Innovation: Harnessing or Suppressing a Powerful Force

In my opinion, the Playbook focuses the reader on provincial digital health assets, presenting them as a full complement of services and assets that enable anything digital health can ever really offer. It fails to recognize that there are incredibly powerful assets that exist outside of this privileged group, and that there’s a wild, exciting future for digital health that we cannot yet imagine but that we must be able to participate in.

Let’s examine this sentence form the Playbook: “This would help minimize the proliferation of other technology solutions which would exacerbate the existing fragmentation in the technology landscape”. Yes, this is a sentence about e-referrals, and I will admit that I am heavily biased here as a co-founder of an unlisted/unacknowledged solution. However, the proliferation of solutions creates competition on value, usability, and cost. It only creates fragmentation because the ecosystem has not been set up to enable cohesiveness. The policy guidance on interoperability focuses on solutions developing APIs so they can talk to one another.

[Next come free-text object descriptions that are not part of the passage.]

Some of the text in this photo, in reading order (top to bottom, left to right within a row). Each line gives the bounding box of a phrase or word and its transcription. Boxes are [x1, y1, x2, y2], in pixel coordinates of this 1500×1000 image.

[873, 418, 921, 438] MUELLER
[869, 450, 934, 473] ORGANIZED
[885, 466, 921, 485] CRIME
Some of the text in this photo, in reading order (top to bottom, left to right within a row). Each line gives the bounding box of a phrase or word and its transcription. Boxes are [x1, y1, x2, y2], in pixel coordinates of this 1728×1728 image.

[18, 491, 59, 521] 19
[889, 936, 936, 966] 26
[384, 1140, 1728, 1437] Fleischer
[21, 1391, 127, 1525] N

However, this point-to-point connectivity has been promised for years, has yet to materialize meaningfully, and even then won’t create the kind of ecosystem that encourages competition and ingenuity, let alone meet the well-articulated needs of patients to access their full health records.

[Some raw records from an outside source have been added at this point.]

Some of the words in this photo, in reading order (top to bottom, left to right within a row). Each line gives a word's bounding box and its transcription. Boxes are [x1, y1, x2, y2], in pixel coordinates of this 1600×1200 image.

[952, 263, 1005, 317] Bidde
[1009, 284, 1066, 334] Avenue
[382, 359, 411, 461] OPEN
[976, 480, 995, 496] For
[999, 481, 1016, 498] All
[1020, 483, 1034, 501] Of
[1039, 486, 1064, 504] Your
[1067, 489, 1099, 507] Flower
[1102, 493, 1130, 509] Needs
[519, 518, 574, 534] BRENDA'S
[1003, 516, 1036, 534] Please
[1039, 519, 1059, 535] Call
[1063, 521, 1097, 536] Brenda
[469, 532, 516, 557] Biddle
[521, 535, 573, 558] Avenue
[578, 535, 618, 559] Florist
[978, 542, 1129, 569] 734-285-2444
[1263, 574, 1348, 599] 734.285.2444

We need to be thoughtful about an information architecture that is built around connectivity and patient access. This is hard policy work regarding privacy, data governance and other vital areas, but we cannot shy away from it. Our architecture should also attempt to optimize for competition by reducing barriers to entry, reducing switching costs, and encouraging procurement (many possible models beyond the scope of this piece, such as vouchers for patients and providers) so that we get better products for cheaper cost. We must also be able to anticipate that there’s a future we do not yet fully understand, but will need to incorporate — think along the lines of remote monitoring, population data analysis, and even monetizing data through revenue-sharing agreements with patients who opt-in. I know that in 10 years the future will allow for possibilities my constrained 2019 mind cannot even grasp. Let our system architecture have the humility to believe that about itself as well.

Conclusion

The playbook raises concerns because it reduces the world of digital heath to provincial assets with significant existing flaws and downloads the integration work onto dozens of siloed, under-resourced OHTs. I know that the people working on this are highly intelligent and are treating this document as a work in progress. This is good. However, we still have work to do to identify the right level for change, facilitate transitions despite challenges with data and payment, and build a system architecture that anticipates an unimaginable future and is ready to harness the competitive entrepreneurial spirit. Without addressing these issues, this playbook risks wasting an important moment in Ontario’s health care history.